3. Virtual Laboratory for inquiry-based modeling
VERA supports inquiry-based modeling by providing learners the authentic experience of scientific
inquiry (e.g., identifying a problem, proposing multiple hypotheses, testing the hypotheses, and
rejecting/accepting the hypotheses) through construction, evaluation, and revision of conceptual
models. Hypothesis testing is particularly important because then learners can take a more active role
in constructing their own understanding in a feedback loop. However, experimenting by running
simulations requires mathematical abilities as well as programming skills because a student should
understand complex mathematics to write code in the simulation language. VERA empowers students
to test their hypotheses irrespective of their mathematical abilities because it can automatically spawn
NetLogo simulations from the conceptual models.

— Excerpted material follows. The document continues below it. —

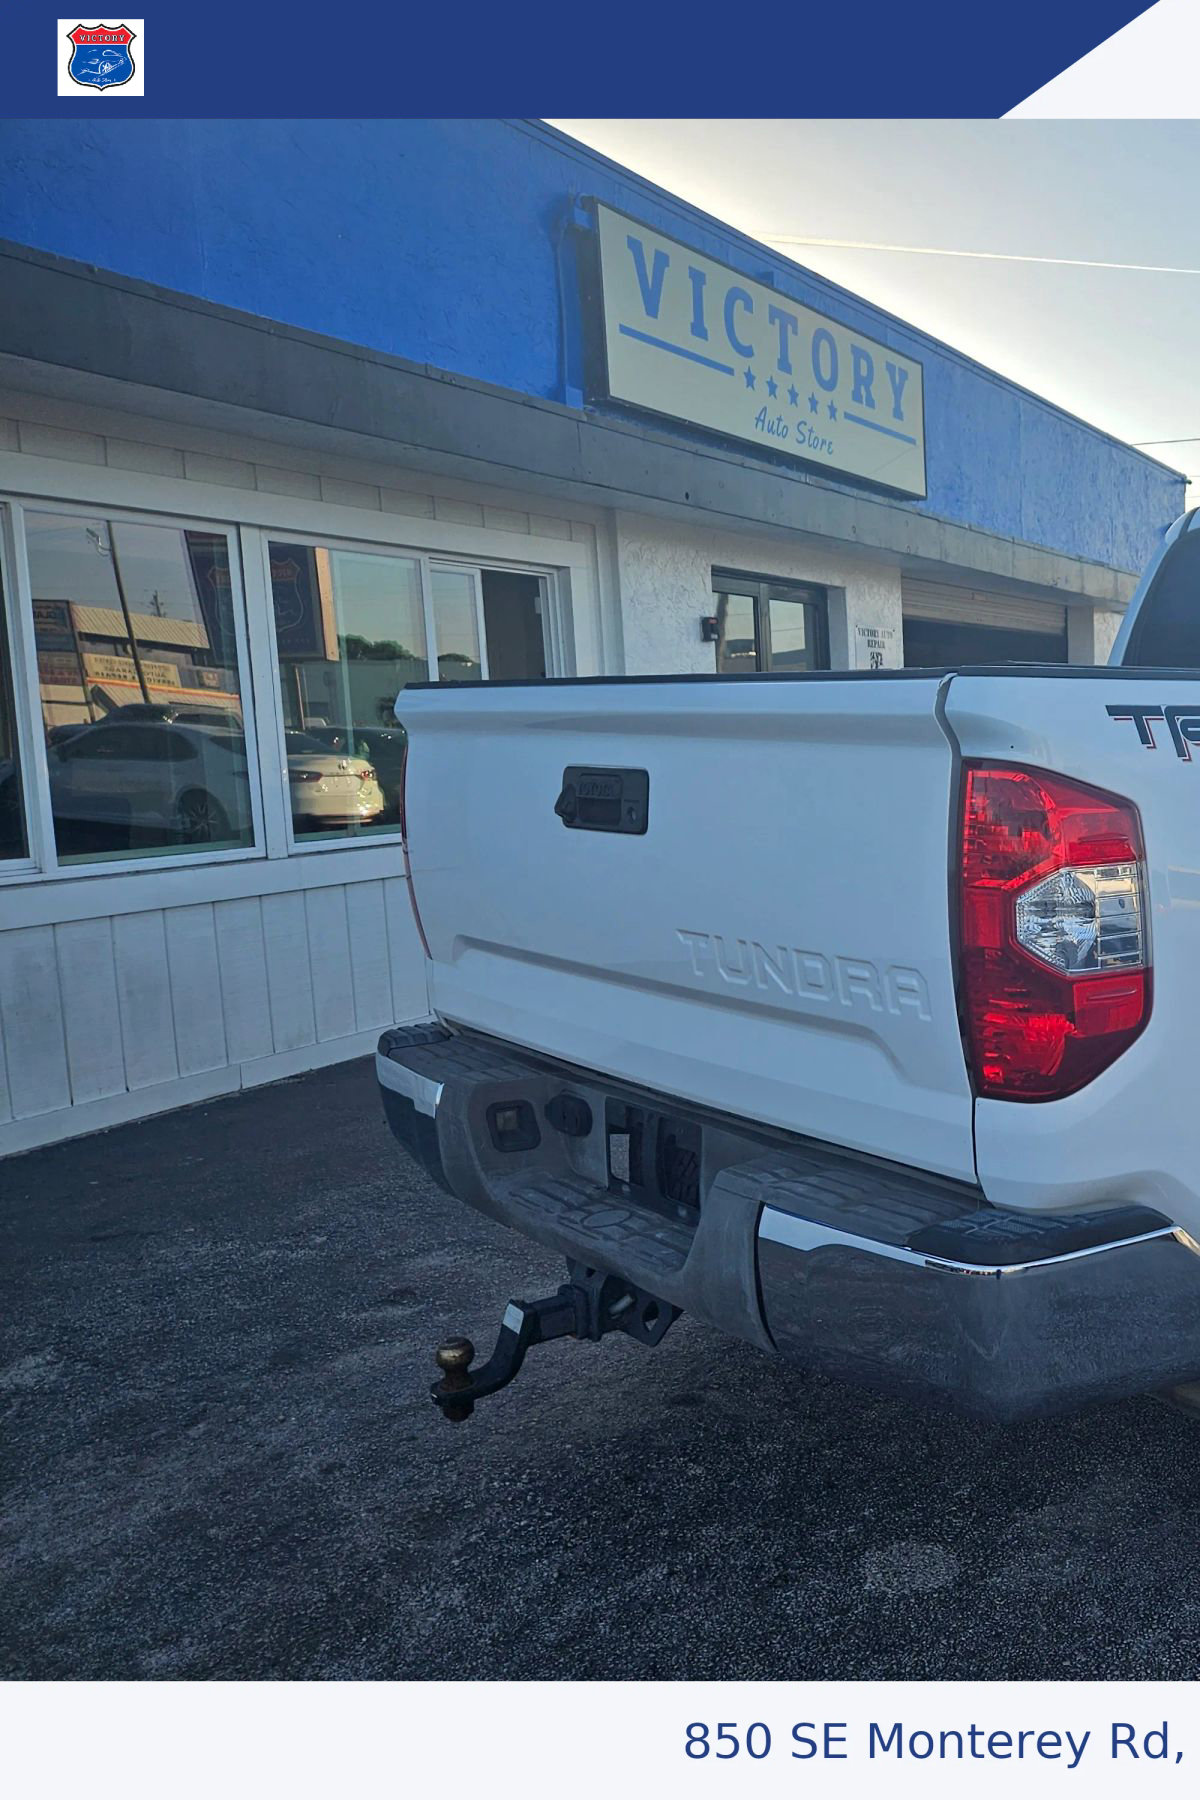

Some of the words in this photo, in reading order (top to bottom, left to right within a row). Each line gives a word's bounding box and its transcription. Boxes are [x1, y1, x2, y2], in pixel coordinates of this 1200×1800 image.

[626, 234, 909, 422] VICTORY
[754, 405, 789, 439] Auto
[795, 420, 834, 456] Store
[675, 928, 932, 1023] TUNDRA

3.1    VERA for ecological modeling
VERA for ecological modeling (or VERA-Eco) enables users to build a conceptual model by adding
biotic or abiotic components and drawing relationships among them on the model canvas. Conceptual
models of ecological phenomena in VERA are expressed in the Component-Mechanism-Phenomenon
(CMP) language [17, 27] that derive from the Structure-Behavior-Function theory of modeling complex
systems [12]. A CMP model consists of components and relationships between components. A
component can be one of three types: biotic, abiotic, and habitat. A relationship relates one component
to another in a directed manner (e.g., component X consumes component Y). Figure 1 illustrates a CMP
model of phosphorus run-off in the Chesapeake Bay; the large oval boxes in the middle depict habitats,
in this case, land and shallow water. (The template on the right depicts simulation parameters and their
values.)




                        Figure 1: A screenshot of the VERA model editor page.

Following our earlier work [16], VERA automatically translate the patterns in the conceptual models
into the primitives of agent-based simulation of NetLogo. The running of the simulation enables the
user to observe the evolution of the system variables over time and iterate through the generate-
evaluate-revise loops. In this way, VERA integrates both qualitative reasoning in the conceptual model
and quantitative reasoning in the simulation reasoning on one hand, and explanatory reasoning
(conceptual model) and predictive reasoning (simulation) on the other.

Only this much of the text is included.